More was to come. New Zealand erupted into a de facto civil war barely two years after the Keskidee tour when in 1981 the government of the day, for the purposes purely of shoring up their conservative electorate, broke the Gleneagles agreement regarding sporting links with Apartheid South Africa and allowed the Springboks to tour Aotearoa NZ. Anti-apartheid protest had already been an established tradition going back to the late 1950s. For Māori, the issue had been that for their people to tour South Africa as part of the All Blacks they would have had to have been labeled as “honorary whites”, a categorization antithetical to their sense of genealogical self and a bare insult to their ancestors. I am making this point because although the Pākehā led opposition to Apartheid is usually remembered as the prime source of opposition – and we should not belittle the principled activities of these people, sustained over decades - the issue was always far more personal to Māori. Overleaf I reproduce a graphic from the Māori Organization on Human Rights circa 1972.

There are two levels of contention to the 1981 protests. One of them takes up the bulk of space in the popular and, I would suggest nowadays increasingly antiquarian, national memory of the protests. This is a memory of how half of the population – split within families of all types and across the country at large – saw South African rugby as simply a non-political game, and how the other half considered the rugby team to be an extension of the Apartheid system and hence immanently political.

The repressed memory – repressed at the national level, but not amongst most of the Māori and Pacific peoples involved along with their enlightened Pākehā comrades – was of a fight against Apartheid as both a South African but also global system of racial segregation that was being developed in Aotearoa NZ too. While many whites shed blood in the clashes with police, at those moments where the showdown was most serious it was notably Māori and Pacific peoples who were willing to step up to the frontline (often via their own military wing, called the Patu squad (Patu means “to strike”)). While the leaders of the frontline were longtime activists involved with, for example, the Polynesian Panthers and Ngā Tamatoa, the rank and file also consisted of various gang members, who actually worked together on these occasions.20 Not only that, but out of those protestors who were charged with criminal actions the vast majority were Māori and Pacific, with the police using the occasion to “pay back” some of the activists of the 1970s. This level of contention brings out the issue of white paternalism that you might have caught in the letter to the Ministry of Internal Affairs above. Those who conceived of the struggle in this light charged the white mainstream of the anti-apartheid movement with at home to the extent that they refused to examine their own complicity in white supremacy at home when they claimed that solidarity for the sufferers of Apartheid could only be directed overseas. This memory is repressed, I believe, because it reveals the narrowness of the strategic accommodations that state and society have since “gifted” to Māori and Pacific peoples.

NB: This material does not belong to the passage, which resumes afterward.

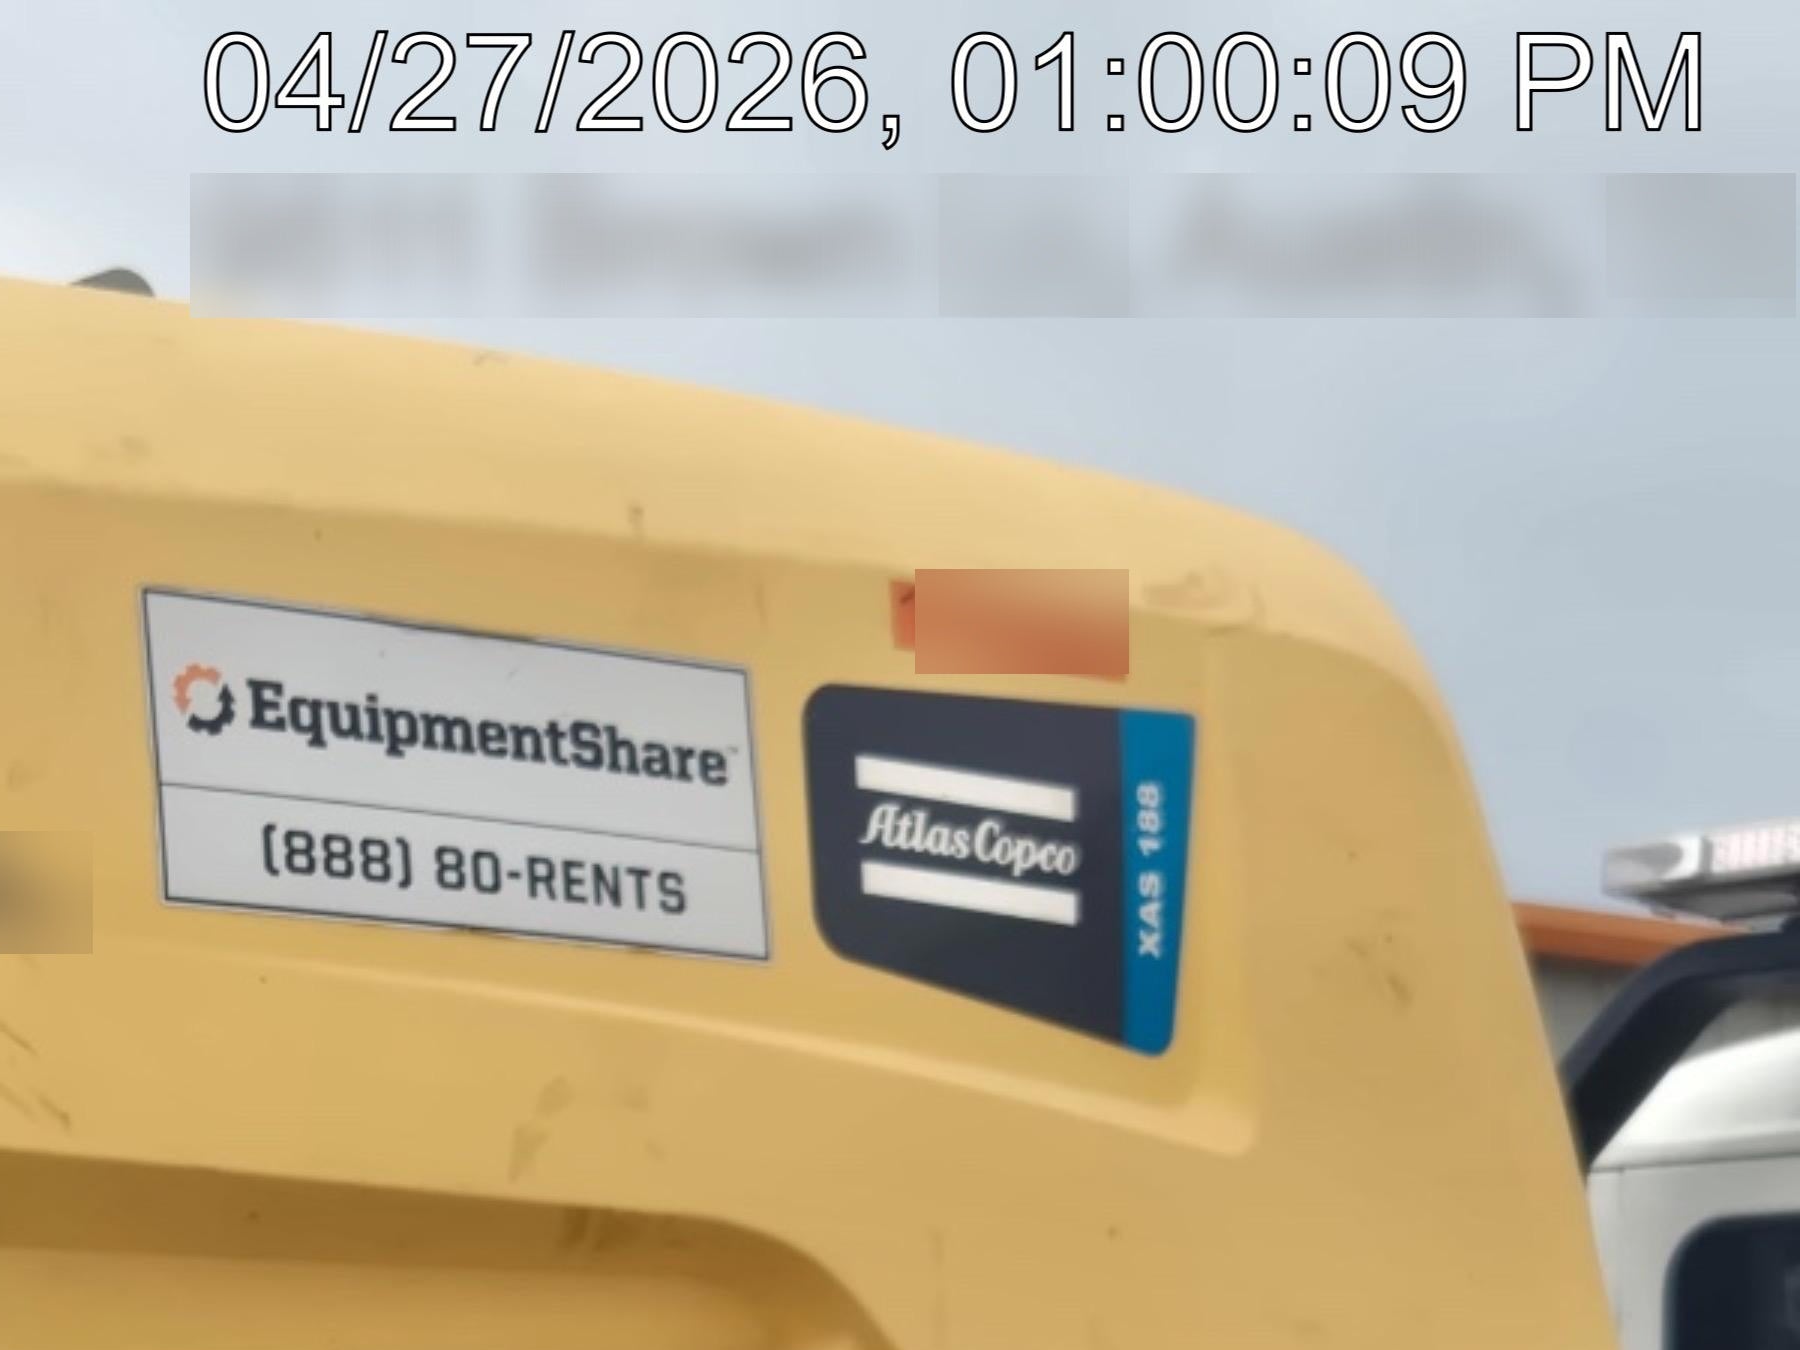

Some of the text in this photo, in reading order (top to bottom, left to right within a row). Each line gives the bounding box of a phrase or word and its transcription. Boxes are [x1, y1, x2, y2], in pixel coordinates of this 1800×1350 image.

A final word on the Springbok Protests. In one of the first matches of the tour, in Hamilton, about 200 protestors managed to break out onto the pitch and to force a cancellation of the game. Leading the charge was Wally Te Ua, a renegade Māori Anglican minister who had become a radicalized spiritual person through his time as a soldier in Vietnam. As far as I understand it, this very match was the first rugby match to be televised LIVE in South Africa. Watching the events unfold in real time, whites who assumed beyond a shadow of a doubt that their settler bredren in New Zealand had their back were severely shaken in this belief, and some had to thenceforth take seriously the weight of world opinion against Apartheid. Blacks who watched the game (and Nelson Mandela came to hear about it) were invigorated by the sight of protest; this, at a point in time when within South Africa the struggle had been severely and savagely set back.21

From here on, Māori and Pacific activists went in two directions. Firstly, there were those who saw the Springbok episode as proof that state and society were in no way going to help then and that they had to therefore “do for self”. Against this stark backdrop, the purposes of Keskidee Aroha seemed to be either premature or simply an unnecessary diversion. What occurred then was a further radicalization of the movement through groups such as the Waitangi Action Committee, and Māori Peoples Liberation Movement. Interestingly, among the feminist wing of the radicalized activists, the use of Black as a positive identifier (while already somewhat in use in the 1970s) intensified at this point, a process led by groups such as Black Dykes, Black Womins Group, etc. The

20 This photo captures it nicely. 21 The story has been captured in this documentary: http://www.spacific.co.nz/documentaries/try- revolution/ strategic use of Black was similar to that used by Garvey, and especially by Dessalines in the Haitian Constitution 1805. That is, one could not be “Brown” and sit on the fence: one had to identify and cast one‟s lot in with either the oppressor (White) or oppressed (Black). One of my masters students, Erina Okeroa, is currently researching this underappreciated but important tendency amongst the 1980s feminist activists.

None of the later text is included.